If a record holds a picture, drop the picture and return the rest of the record word for word.

## DATASET ENTRIES

..........

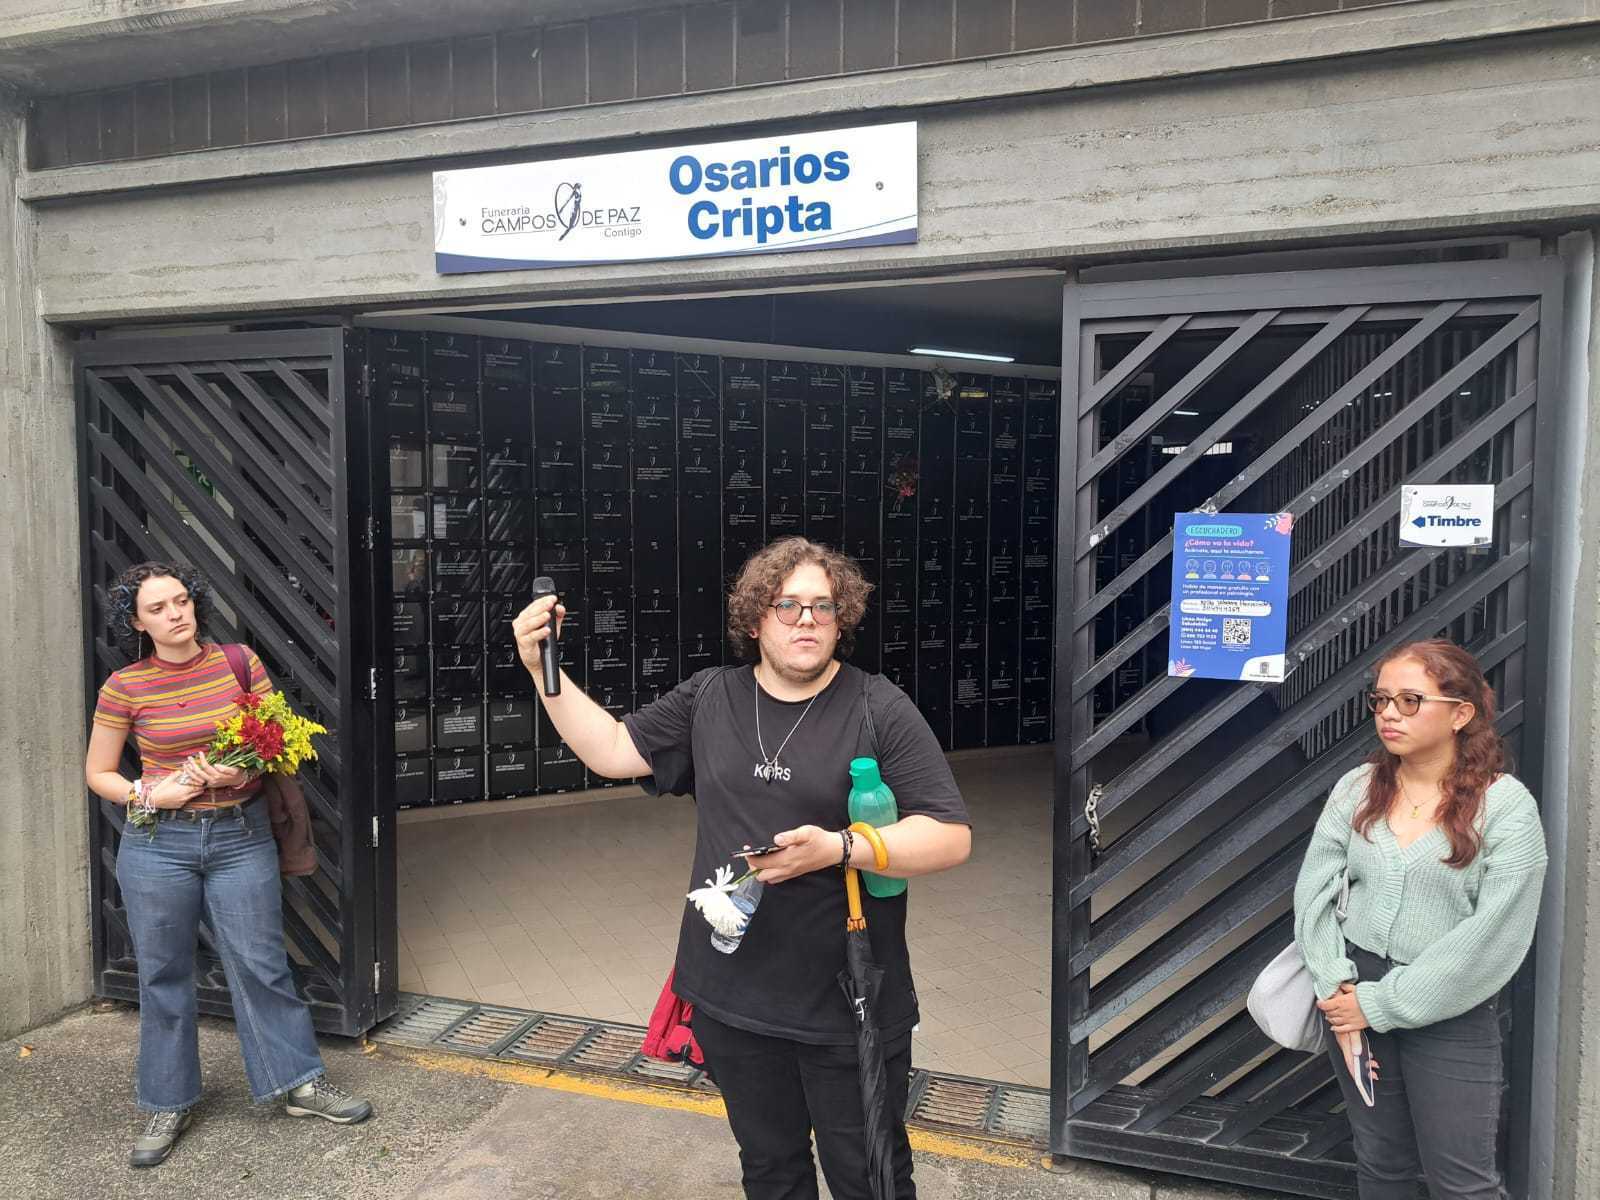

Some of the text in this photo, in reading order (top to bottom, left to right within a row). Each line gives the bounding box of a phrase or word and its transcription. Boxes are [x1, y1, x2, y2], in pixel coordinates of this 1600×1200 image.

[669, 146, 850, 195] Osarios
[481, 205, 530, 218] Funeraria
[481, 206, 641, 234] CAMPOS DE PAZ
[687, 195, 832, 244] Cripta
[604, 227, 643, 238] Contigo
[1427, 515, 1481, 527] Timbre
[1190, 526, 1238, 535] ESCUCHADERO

..........

## SOLUTION TO THIS PROBLEM
Some of the text in this photo, in reading order (top to bottom, left to right within a row). Each line gives the bounding box of a phrase or word and its transcription. Boxes are [x1, y1, x2, y2], in pixel coordinates of this 1600×1200 image.

[669, 146, 850, 195] Osarios
[481, 205, 530, 218] Funeraria
[481, 206, 641, 234] CAMPOS DE PAZ
[687, 195, 832, 244] Cripta
[604, 227, 643, 238] Contigo
[1427, 515, 1481, 527] Timbre
[1190, 526, 1238, 535] ESCUCHADERO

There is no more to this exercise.